The other common convention used is the Einstein synchrony convention (ESC) where we assume, or stipulate, that the one-way speed of light is the same in all directions. The laws of physics work no matter which convention we select. As Lisle pointed out it is like choosing to use inches over centimeters. No falsifiable prediction can be made from either the ASC or the ESC convention alone.

However, if we take the ASC convention and add to it the Creation account of the mature universe with the 6000 year time frame of the Bible, we can come up with falsifiable predictions. Lisle calls this the ASC model. That model would be falsified if there existed evidence showing that the universe had to be more than a few thousand years old.

By contrast the Big Bang model claims that the universe is over 13 billion years old. It needs all of that time for physical processes starting from a random event to form the universe we live in without resorting to a designing agent of any sort. That model would be falsified if there existed evidence that the universe could not be that old.

As Lisle pointed out our observations of spiral galaxies or blue stars provide falsifying evidence for the Big Bang. We should not see them in such an old universe.

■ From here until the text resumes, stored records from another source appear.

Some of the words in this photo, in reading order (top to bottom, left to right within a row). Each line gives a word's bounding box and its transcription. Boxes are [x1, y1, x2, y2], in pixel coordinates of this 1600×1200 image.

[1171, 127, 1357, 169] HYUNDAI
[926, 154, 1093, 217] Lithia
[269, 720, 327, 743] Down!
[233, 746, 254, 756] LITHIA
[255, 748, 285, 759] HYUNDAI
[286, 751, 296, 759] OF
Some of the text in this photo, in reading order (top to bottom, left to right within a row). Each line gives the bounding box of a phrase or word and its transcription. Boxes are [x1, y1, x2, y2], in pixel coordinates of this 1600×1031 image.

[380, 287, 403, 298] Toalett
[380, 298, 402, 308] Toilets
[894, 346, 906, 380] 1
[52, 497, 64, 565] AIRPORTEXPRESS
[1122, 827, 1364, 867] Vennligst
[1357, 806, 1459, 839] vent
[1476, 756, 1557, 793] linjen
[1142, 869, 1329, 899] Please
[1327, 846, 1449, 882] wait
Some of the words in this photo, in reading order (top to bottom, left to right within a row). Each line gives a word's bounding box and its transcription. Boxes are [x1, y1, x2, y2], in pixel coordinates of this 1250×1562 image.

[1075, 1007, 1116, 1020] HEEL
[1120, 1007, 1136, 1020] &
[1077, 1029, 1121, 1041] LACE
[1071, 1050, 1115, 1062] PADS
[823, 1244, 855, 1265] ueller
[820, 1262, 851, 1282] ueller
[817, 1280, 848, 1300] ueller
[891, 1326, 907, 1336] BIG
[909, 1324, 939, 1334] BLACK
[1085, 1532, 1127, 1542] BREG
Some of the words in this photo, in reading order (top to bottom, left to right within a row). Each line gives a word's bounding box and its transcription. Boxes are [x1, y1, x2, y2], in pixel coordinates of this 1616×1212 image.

That means the universe is too young for the deep time predictions of the Big Bang model. The Institute for Creation Research provides further details on this and additional evidence that the universe and our earth are young, too young for deep time explanations to be true.

Bottom line: If we want randomness rather than God as our Creator, we need a lot of time, more time than evidence shows was available.

Given that here is what Pastor Allcorn has to say about idolatry.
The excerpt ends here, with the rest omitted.